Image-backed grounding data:

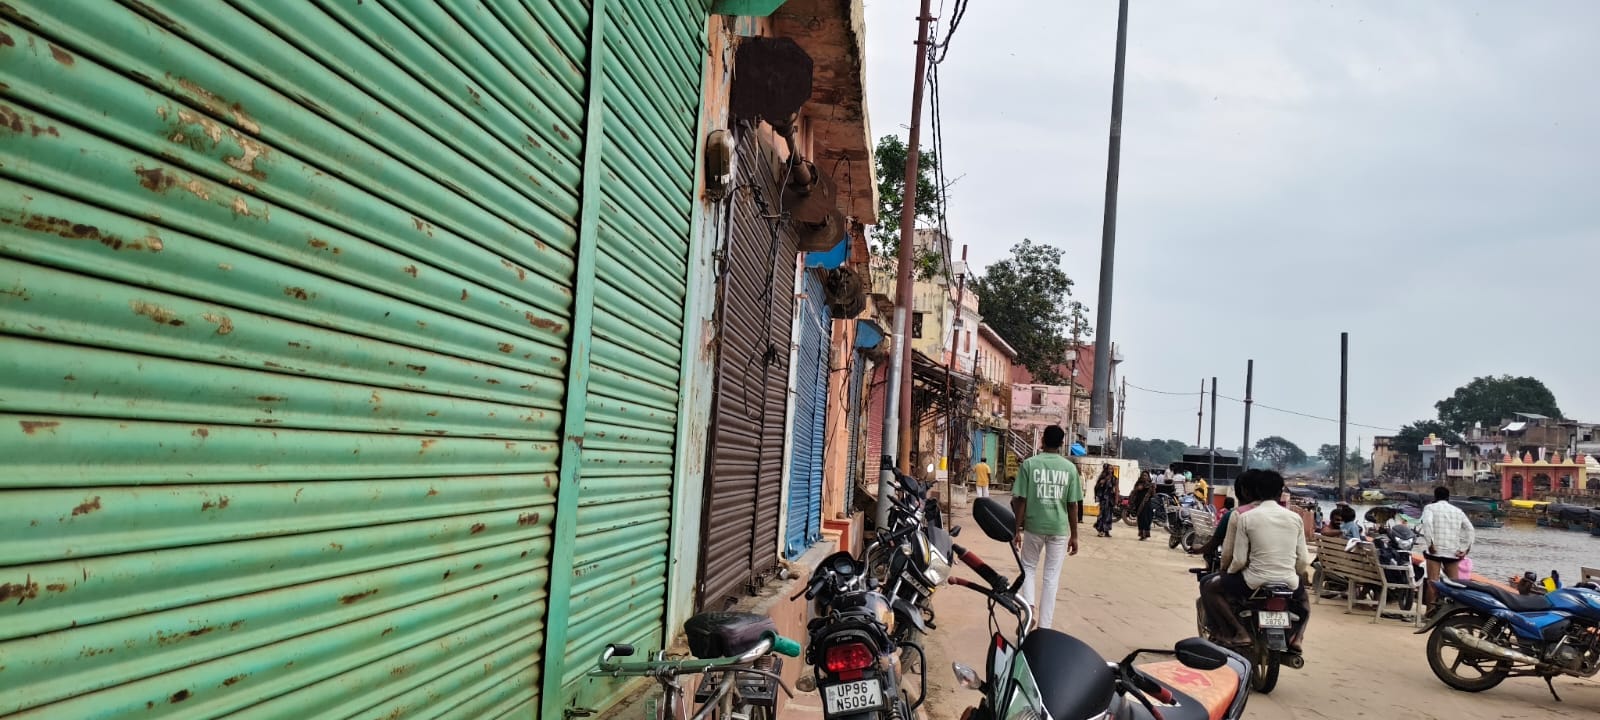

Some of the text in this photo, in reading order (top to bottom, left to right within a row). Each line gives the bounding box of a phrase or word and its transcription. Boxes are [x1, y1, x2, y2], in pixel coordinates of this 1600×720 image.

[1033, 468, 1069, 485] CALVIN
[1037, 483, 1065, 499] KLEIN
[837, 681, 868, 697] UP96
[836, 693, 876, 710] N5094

### [AIM OF THE TASK]
When copying the records above, please match them exactly but leave out all pictures.

### [PROBLEM SOLUTION]
Some of the text in this photo, in reading order (top to bottom, left to right within a row). Each line gives the bounding box of a phrase or word and its transcription. Boxes are [x1, y1, x2, y2], in pixel coordinates of this 1600×720 image.

[1033, 468, 1069, 485] CALVIN
[1037, 483, 1065, 499] KLEIN
[837, 681, 868, 697] UP96
[836, 693, 876, 710] N5094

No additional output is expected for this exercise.